Что же касается семиотических (знаковых) концептуальных связей, связей между двумя сторонами знака — означающим и означаемым, то они для того и устанавливаются, чтобы нести значения, и в этом их отличие от импликационных концептуальных связей. Означающее и означаемое не связаны отношением импликации. Если оно где-то и отмечается, то лишь подсобно. При знаковой связи, как и при импликационной, концепты объединены значимым отношением и той же связкой значения «значит». Первый из них актуализирует второй и настраивает сознание на этот второй как информационно важный: второй является значением первого. Отличие же состоит в том, что для знака значить есть его функция, назначение, чего не скажешь об импликационных связях: событие что-то значит не потому, что за ним закреплено значение, а потому, что наблюдатель знает импликации из него, и они заслуживают внимания для него. Волнение на море и плакат «купаться запрещено» имеют для наблюдателя сходное значение, но в первом случае оно — импликационный результат знания мира, а во втором — семиотический результат знания языка. Представление о том, что дует сильный ветер, можно получить, увидев, как за окном несутся облака, или услышав слова: «дует сильный ветер». В первом случае ситуация незнакова, но значима, и значение — результат импликации: несутся облака, значит, дует сильный ветер.
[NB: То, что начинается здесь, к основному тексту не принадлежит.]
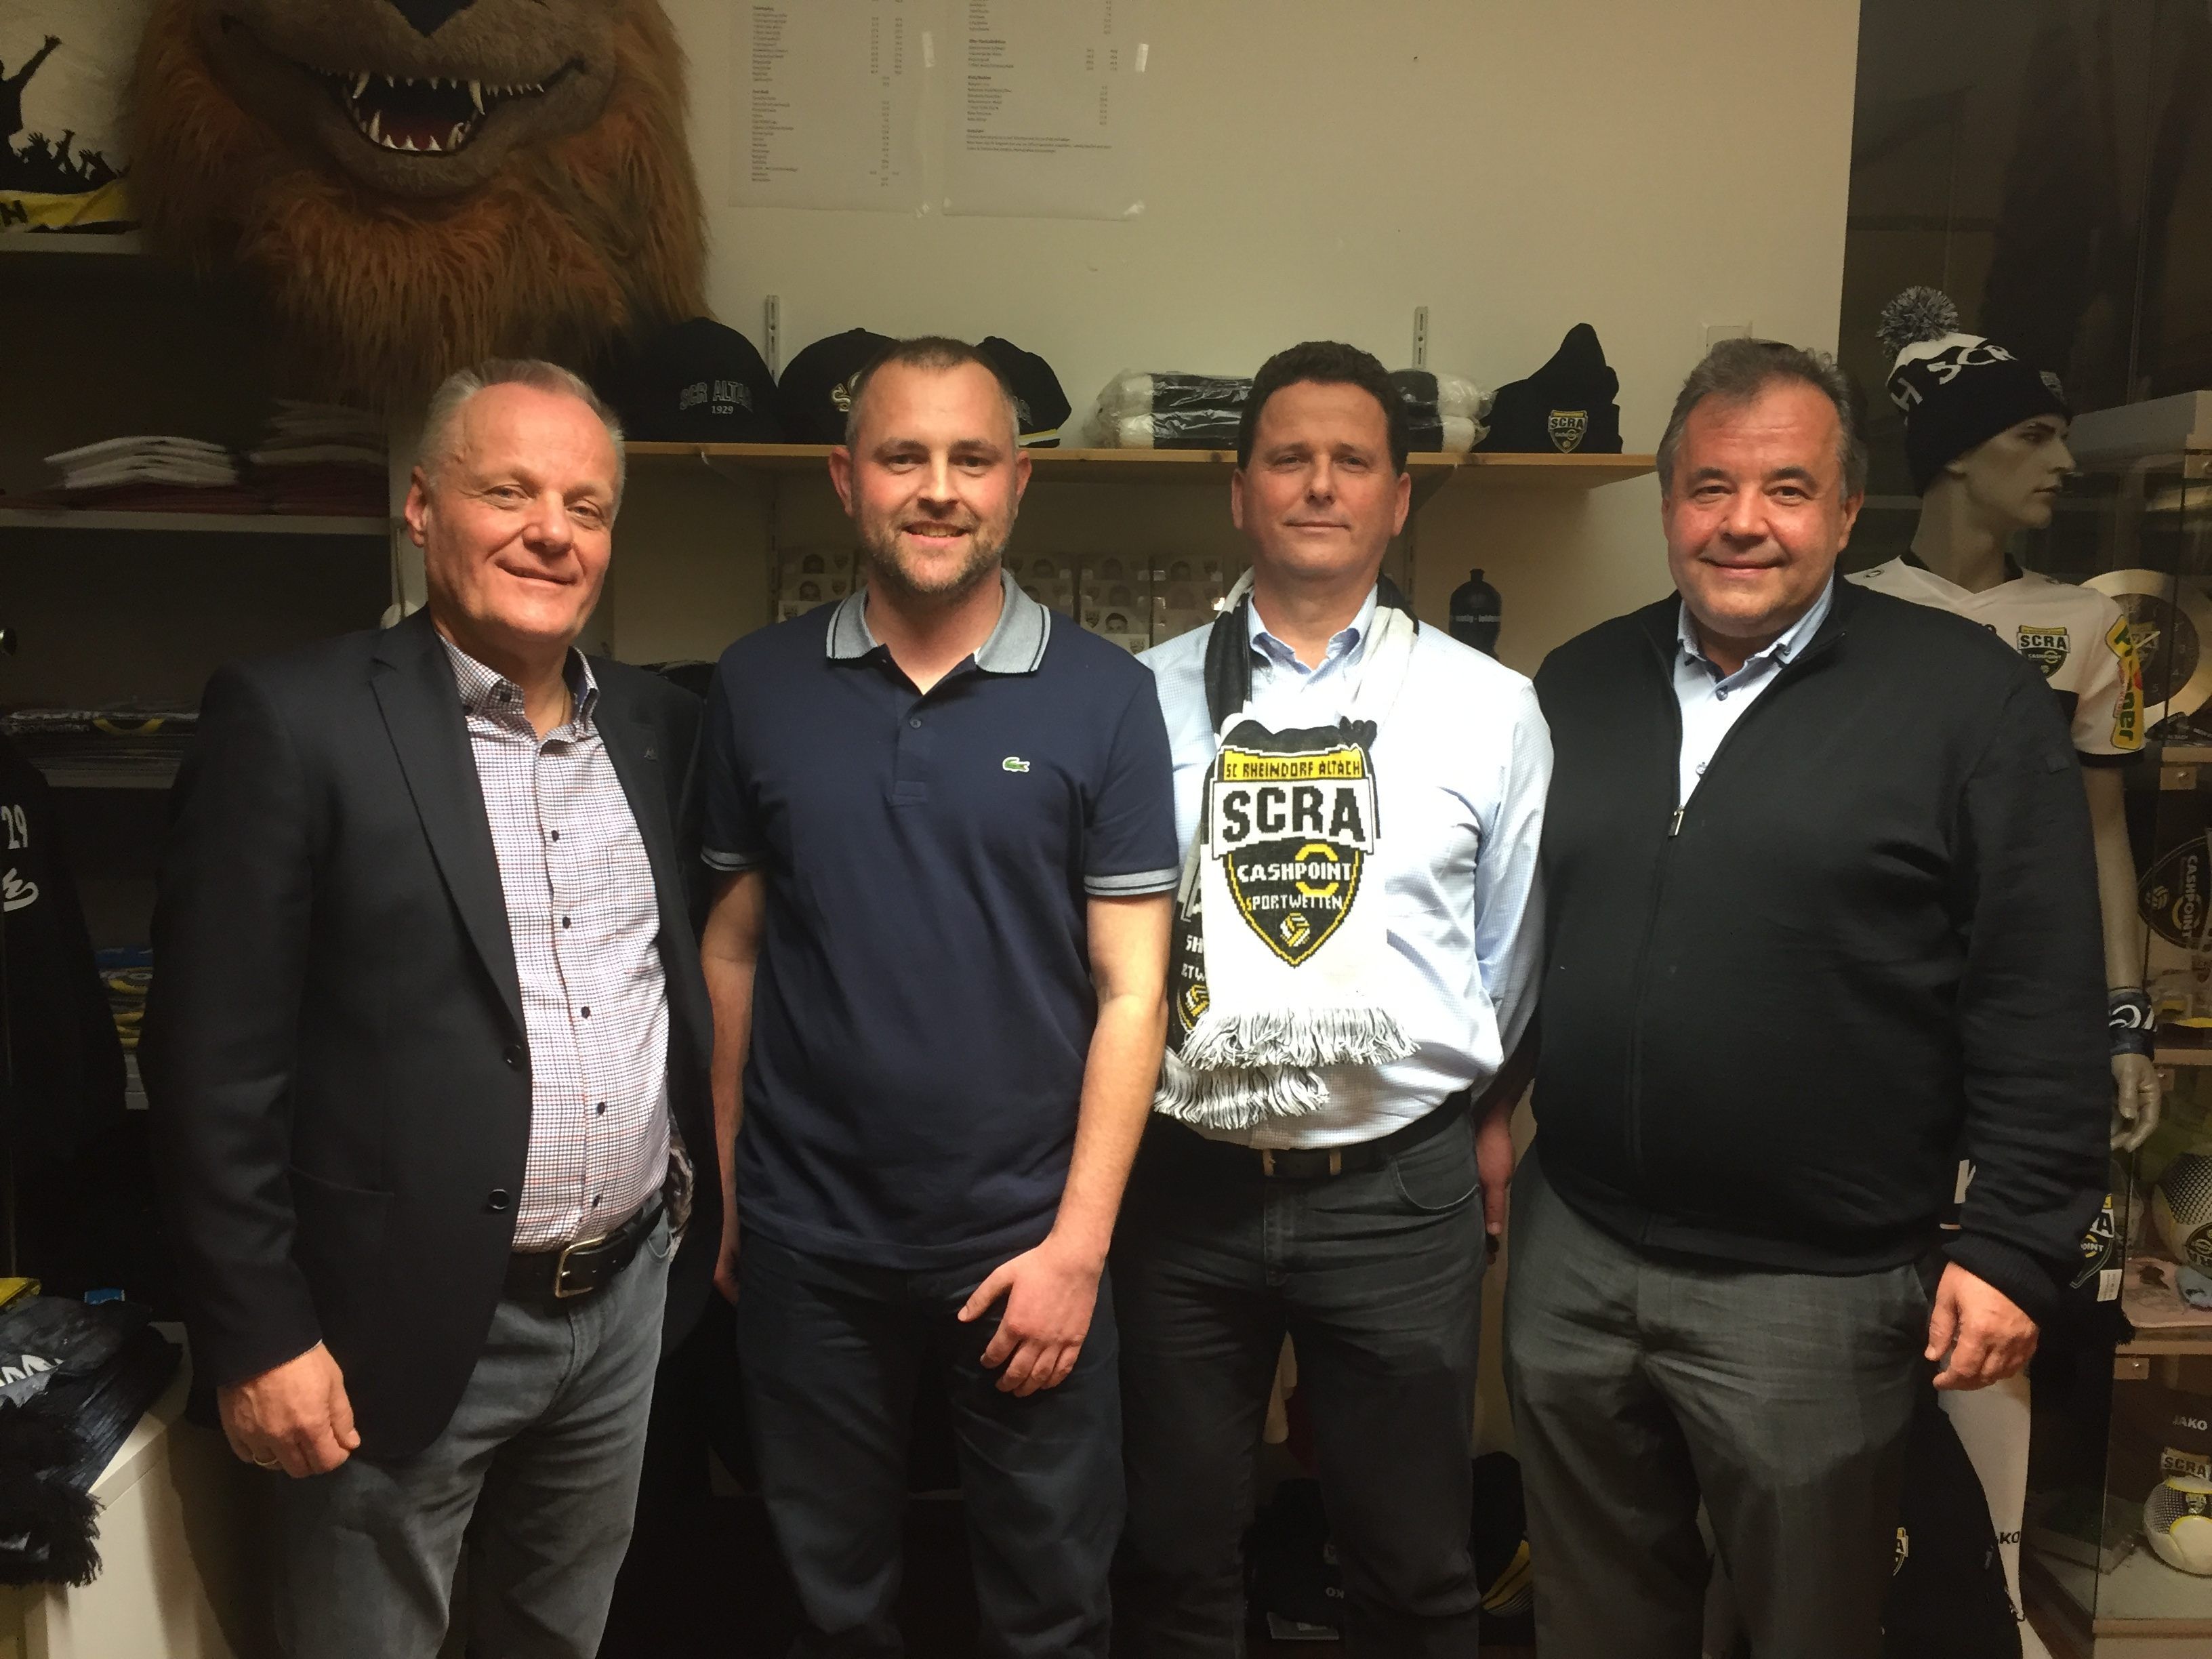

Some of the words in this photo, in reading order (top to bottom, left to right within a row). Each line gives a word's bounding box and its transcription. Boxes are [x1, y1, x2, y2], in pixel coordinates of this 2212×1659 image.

[712, 405, 734, 415] 1929
[1551, 417, 1584, 430] SCRA
[2020, 634, 2067, 650] SCRA
[1226, 763, 1237, 777] SC
[1242, 762, 1313, 777] RHEINDORF
[1319, 760, 1360, 776] ALTACH
[1223, 785, 1366, 842] SCRA
[1237, 862, 1351, 882] CASHPOINT
[1246, 893, 1343, 911] SPORTWETTEN
[2182, 855, 2198, 939] CASHPOINT
[2173, 1414, 2209, 1431] JAKO
[2164, 1456, 2207, 1477] SCRA
Во втором случае ситуация и значима, и знакова, и значение есть принадлежность знака, его вторая сторона: «дует сильный ветер» означает, что дует сильный ветер.
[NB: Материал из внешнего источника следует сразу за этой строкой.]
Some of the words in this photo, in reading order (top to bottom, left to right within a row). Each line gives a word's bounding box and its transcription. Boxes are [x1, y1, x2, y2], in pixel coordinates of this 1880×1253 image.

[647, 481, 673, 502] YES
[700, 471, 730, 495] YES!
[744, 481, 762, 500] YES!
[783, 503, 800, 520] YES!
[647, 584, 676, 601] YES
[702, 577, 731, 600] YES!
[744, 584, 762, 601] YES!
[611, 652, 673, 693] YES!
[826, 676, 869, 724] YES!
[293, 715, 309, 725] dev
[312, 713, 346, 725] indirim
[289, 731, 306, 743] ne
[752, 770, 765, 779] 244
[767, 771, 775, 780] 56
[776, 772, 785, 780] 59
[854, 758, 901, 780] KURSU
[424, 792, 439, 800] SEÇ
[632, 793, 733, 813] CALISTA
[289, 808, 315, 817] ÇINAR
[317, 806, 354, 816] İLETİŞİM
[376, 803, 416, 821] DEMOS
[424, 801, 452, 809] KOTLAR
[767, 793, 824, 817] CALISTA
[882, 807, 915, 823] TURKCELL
Таким образом, по характеру связи двух концептов, концепта актуализирующего и концепта актуализируемого, значение распадается на два вида — импликационное (незнаковое) и семиотическое (знаковое, конвенциональное, кодифицированное). Применительно к интересующей нас теме важно то обстоятельство, что сами задействованные знаки несут значения обоих видов — собственно знаковое (семиотическое) и импликационное. То, что они несут первое, само собой понятно: для того и существует знак. Но нетрудно увидеть в актуализированном (употребленном) знаке наличие значения второго вида — импликационного. Поскольку его базой, источником (импликатором) в этом случае служит не просто событие, но событие-знак, то эту разновидность значений-импликаций следует назвать по их источнику семиоимпликационными.
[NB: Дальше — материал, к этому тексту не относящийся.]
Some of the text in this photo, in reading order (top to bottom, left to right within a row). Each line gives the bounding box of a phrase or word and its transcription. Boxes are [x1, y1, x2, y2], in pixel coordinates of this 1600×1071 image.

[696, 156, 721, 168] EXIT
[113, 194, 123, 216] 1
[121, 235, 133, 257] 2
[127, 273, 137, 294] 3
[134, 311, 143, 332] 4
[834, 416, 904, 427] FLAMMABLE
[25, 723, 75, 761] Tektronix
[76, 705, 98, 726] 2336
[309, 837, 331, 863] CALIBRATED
В самом деле, знаковый акт всеми своими компонентами, на всех уровнях своей структуры, сам по себе и во взаимодействии со средой своего осуществления служит источником внезнаковых импликаций, т. е. воспринимается не только как знак с его знаковым значением, но анализируется во всей полноте его сторон как целостное явление и тем самым из него извлекается масса разнообразной информации. Эта информация в чем-то дополняет собственно знаковое значение высказываний и текстов, в чем-то осложняет его, а в чем-то противоречит ему, вступает с ним в конфликт и корректирует его. В конечном счете получатель извлекает некий суммарный итог взаимодействия кодифицированного семиотического и некодифицированного семиоимпликационного значения знаковых актов. Первое извлекается из знания языка, второе — из знания мира, людей, знаковой деятельности, из знания того, как используется язык, и это различие существенно, несмотря на то, что никакой жесткой границы между знанием языка и знанием мира нет, прежде всего в силу вероятностной природы самих кодифицированных значений (М. В. Никитин, 1988).

Не только компоненты формы знаковых выражений, но и само кодифицированное семиотическое значение, взаимодействуя с обстоятельствами его реализации, попадают в фокус внимания и служат источником множества импликаций, наращивая суммарное значение знакового акта семиоимпликационными приращениями в силу того, что всякое знаковое событие анализируется не только как событие в знаковой деятельности, но и шире — как событие в мире.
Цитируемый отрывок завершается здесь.